Beyond safeguarding her leadership, however, expectations management is also timely due to some recent polls showing much less favourable results for Davidson’s party than most of those in the last couple of months.
Two from last week, for example, show the Conservatives making little or no progress on its poor 2011 showing.
This has coincided with a few polls starting to show UKIP breaking into the Scottish Parliament for the first time (although more polls still show them not doing do). Some Scottish Tories fear the EU referendum might give the People’s Army an unexpected headwind and concede that any UKIP MSPs will come at the Tories’ expense.
However their canvassing suggests that the party’s current seat-projection surge is an artefact of the huge amount of coverage received by the announcement of the referendum: the EU is not a big debate north of the border and UKIP’s ground game is reportedly non-existent.

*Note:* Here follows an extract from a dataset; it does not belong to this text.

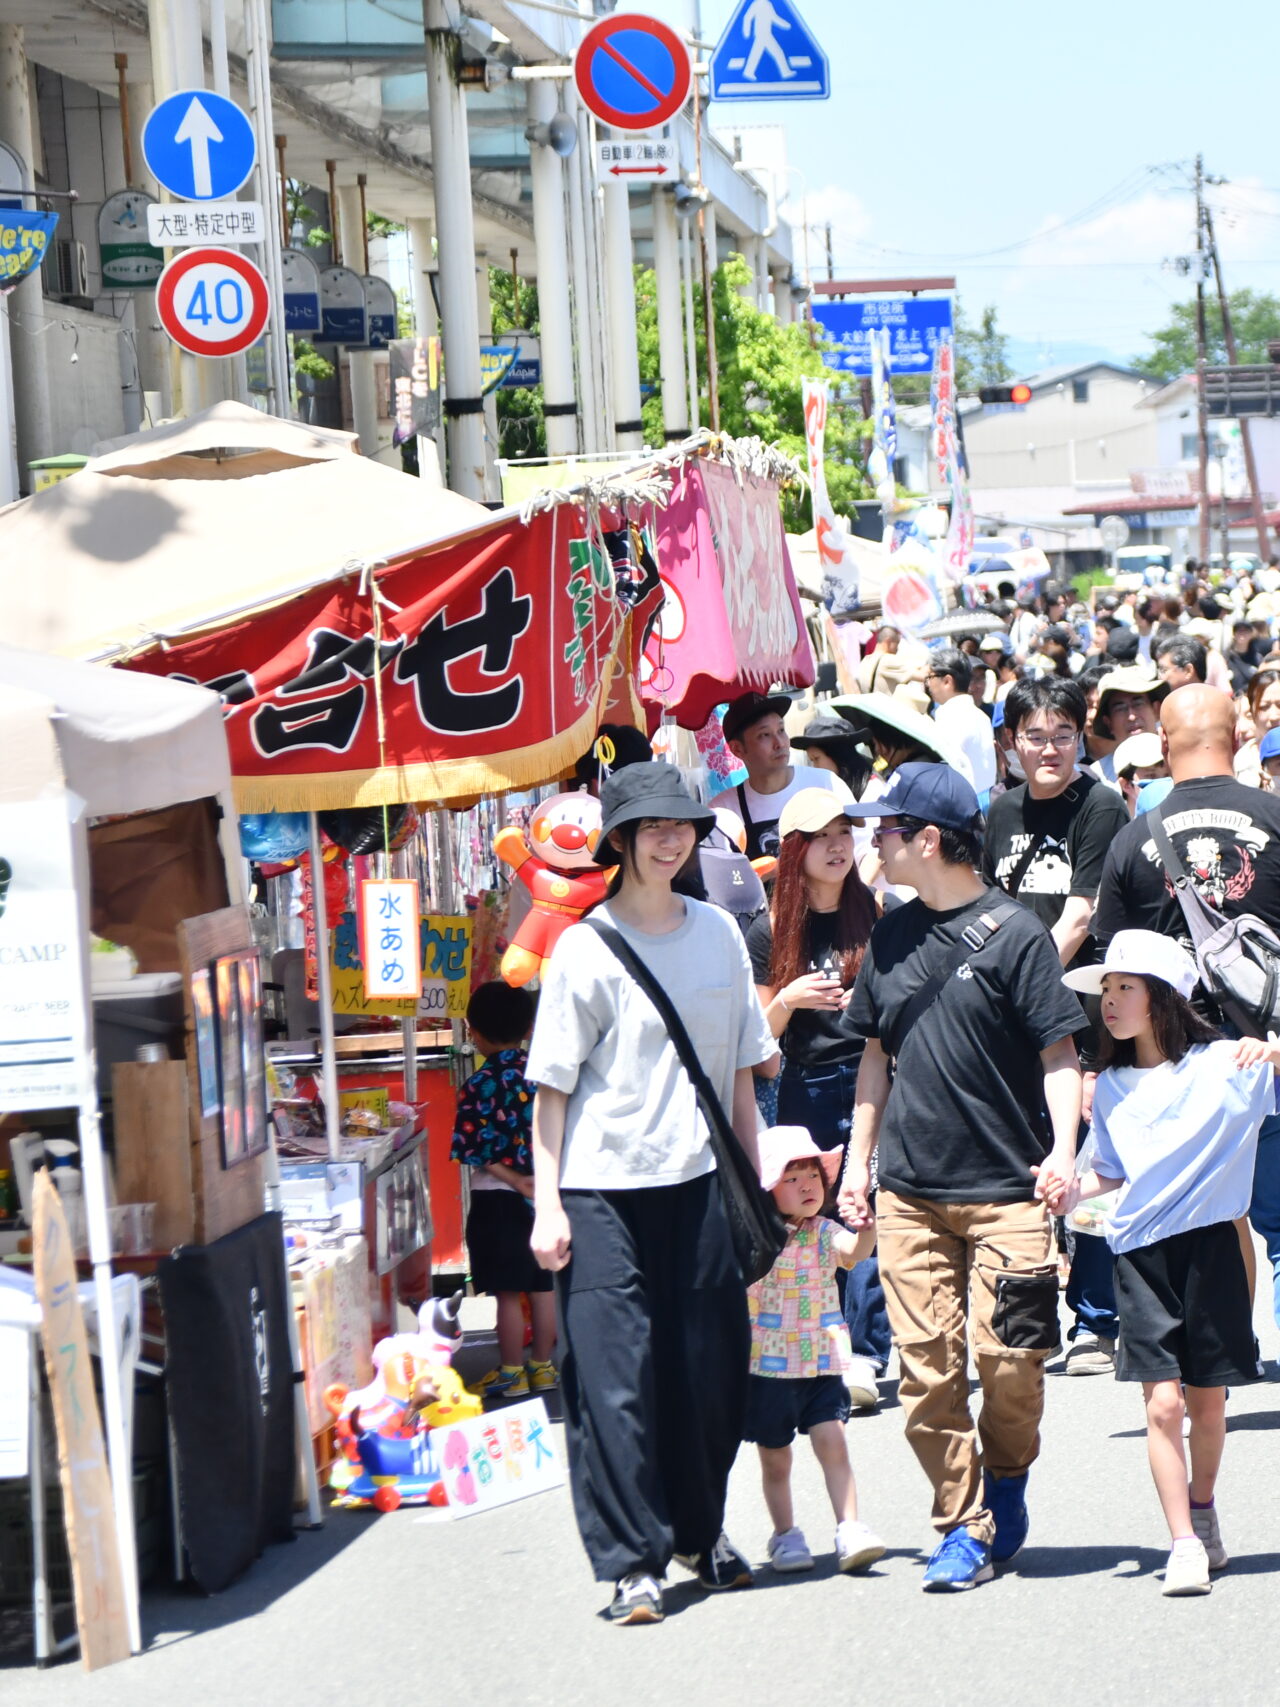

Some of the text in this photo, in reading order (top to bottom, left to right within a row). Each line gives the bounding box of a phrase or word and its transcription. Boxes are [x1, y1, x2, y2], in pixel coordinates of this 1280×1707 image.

Another setback, after several months of looking to be on the front foot, came last week when Davidson had to abandon a much-heralded plan to contest the coming Scottish Parliament election as a tax-cutting party.
This is apparently due to George Osborne planning deeper cuts in his upcoming Budget than the Scottish Conservatives had been counting on, which would reduce Holyrood’s budget and make further tax cuts a trickier sell.
Yet Tories on the ground point out that they already have plenty of “clear blue water” between their position and the rest of the pack. As the only party not proposing to increase taxes, they can reap the rewards of offering a less burdensome tax regime without the difficulty either of under-bidding the Chancellor or identifying an extra layer of departmental cuts.
Dropping the scheme may also make it easier for Davidson to woo unionist Labour voters, attracted by the prospect of a strong opposition to the SNP and dismayed by their party’s softening stance on the Union. If the Prime Minister’s speech was anything to go by, this is more than ever the critical thrust of the Conservatives’ 2016 campaign.